Office of State Representative Kevin Coleman: COVID-19 and nursing home policies

The statistics are startling. It is estimated that 40-45% of reported COVID-19 deaths have involved nursing homes residents or nursing home employees across the nation. The pandemic has exposed gaps in the healthcare system for those residents and health workers. Michigan State Representative Kevin Coleman (D-16th) is on the state’s Nursing Home Reform Working Group and was looking for recommendations he could take to the Legislature. Four students -- Chris Campbell (PhD candidate), Alice Lin (BA ‘21), Daniel Park (MPP/ MHSA ‘22), and Bethany Haddad (MPP ‘22) -- built on previous work done by Molly Kalb (BA ‘21) to make data-driven policy proposals.

They looked at existing and proposed legislation in all 50 states and at the federal level, including staffing levels and working conditions, PPE availability, testing mandates, and data transparency to the public and to families.

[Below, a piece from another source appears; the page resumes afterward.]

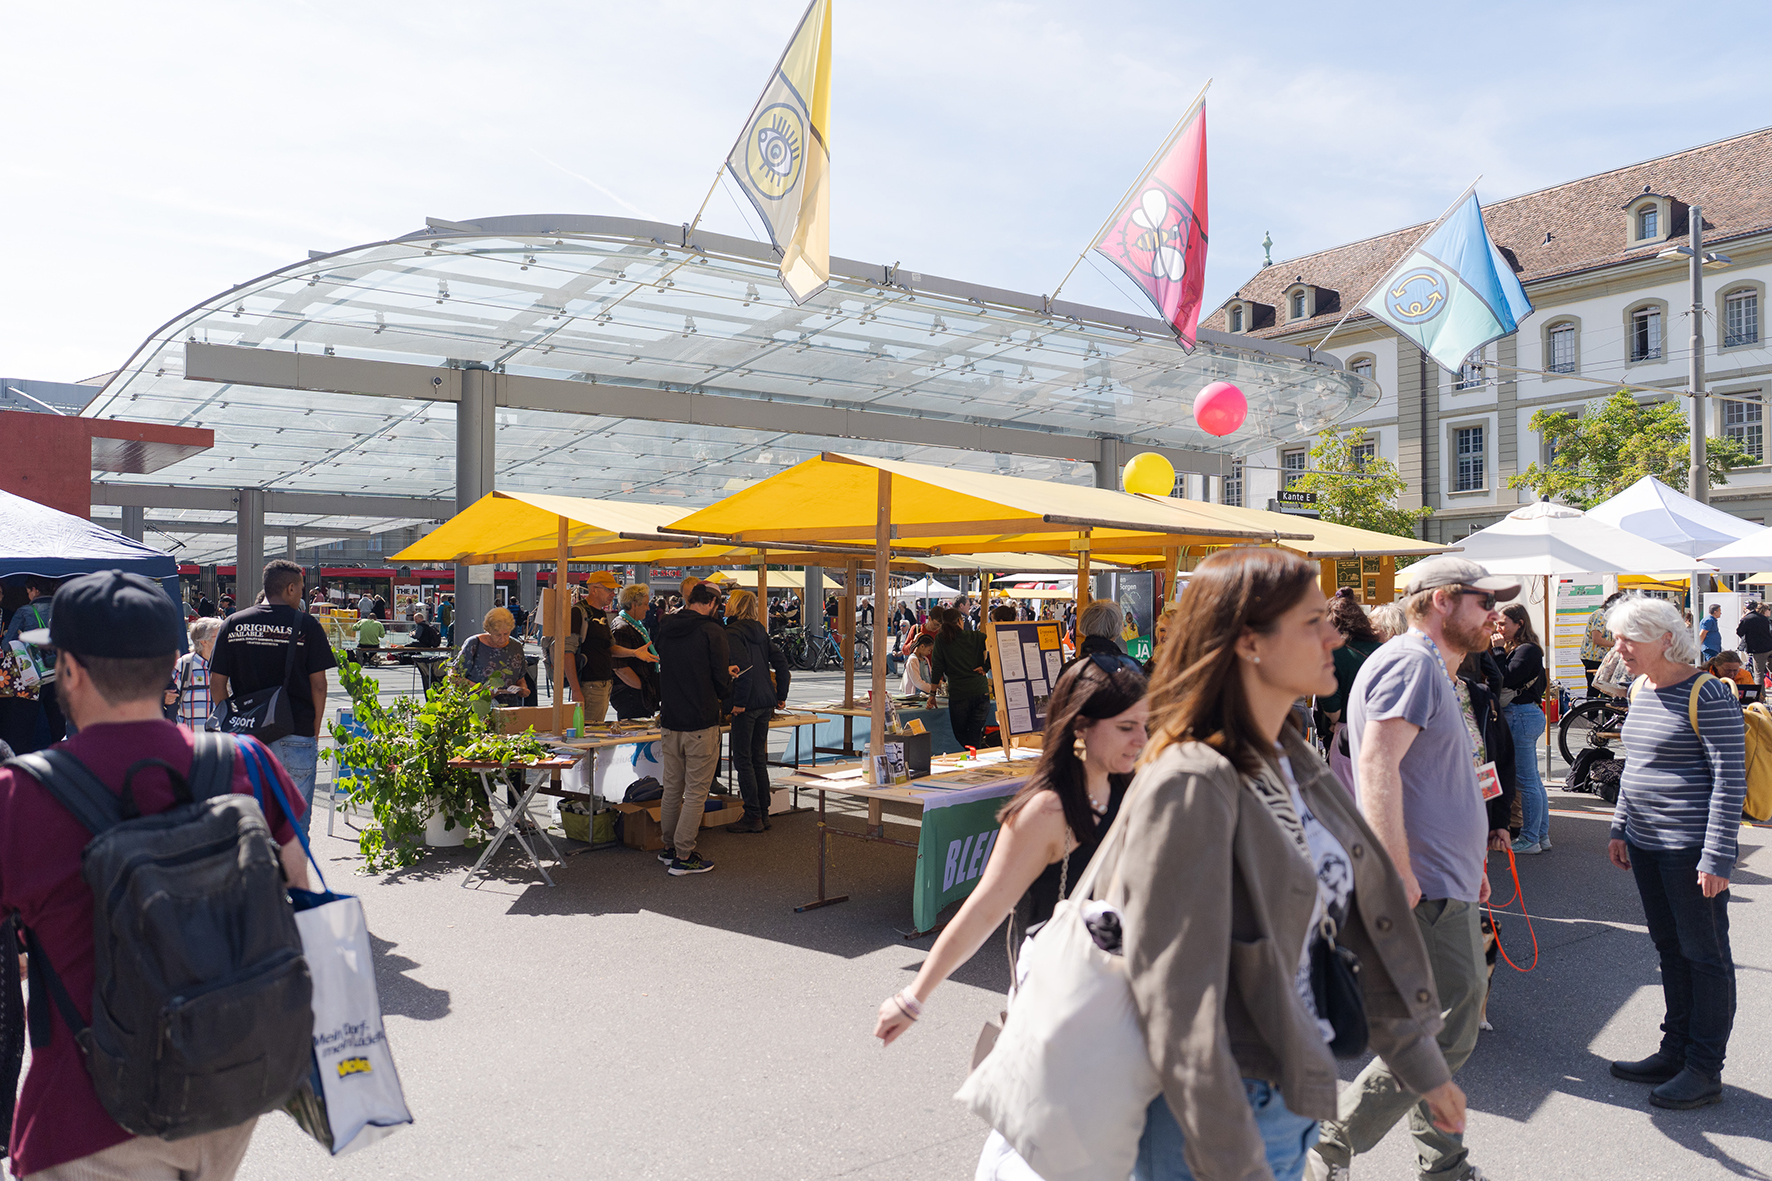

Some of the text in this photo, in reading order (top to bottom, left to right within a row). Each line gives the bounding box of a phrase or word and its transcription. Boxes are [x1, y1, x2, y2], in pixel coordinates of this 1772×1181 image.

Quantitative measures of nursing home deaths, measured against regulatory requirements and demographics, yielded insights into the main causes of those deaths: infections coming from staff and from other residents. They saw that Michigan’s mortality rate was slightly higher than the national average.    

Policy recommendations included improving staffing levels, PPE stockpiling, establishing infection prevention plans and improving long-term quality programs. Translating that into legislation with budgetary clout will be difficult. 

“There are a lot of moving parts when it comes to addressing pandemic safety, the toll on human life over the past nine months has been pretty incalculable. Effectively addressing this issue ties in questions of labor economics, health policy, and epidemiology. Our client, Representative Coleman has to get all this passed in the Legislature, so political maneuvering is involved as well,” explained Campbell.

Park concluded, “This has become a political issue, no matter what the research says. So it's up to members to ultimately turn that advocacy in that political work. I would hope to think that this does have more of a nonpartisan manner. Because this virus doesn't really care about which political side you've been on.”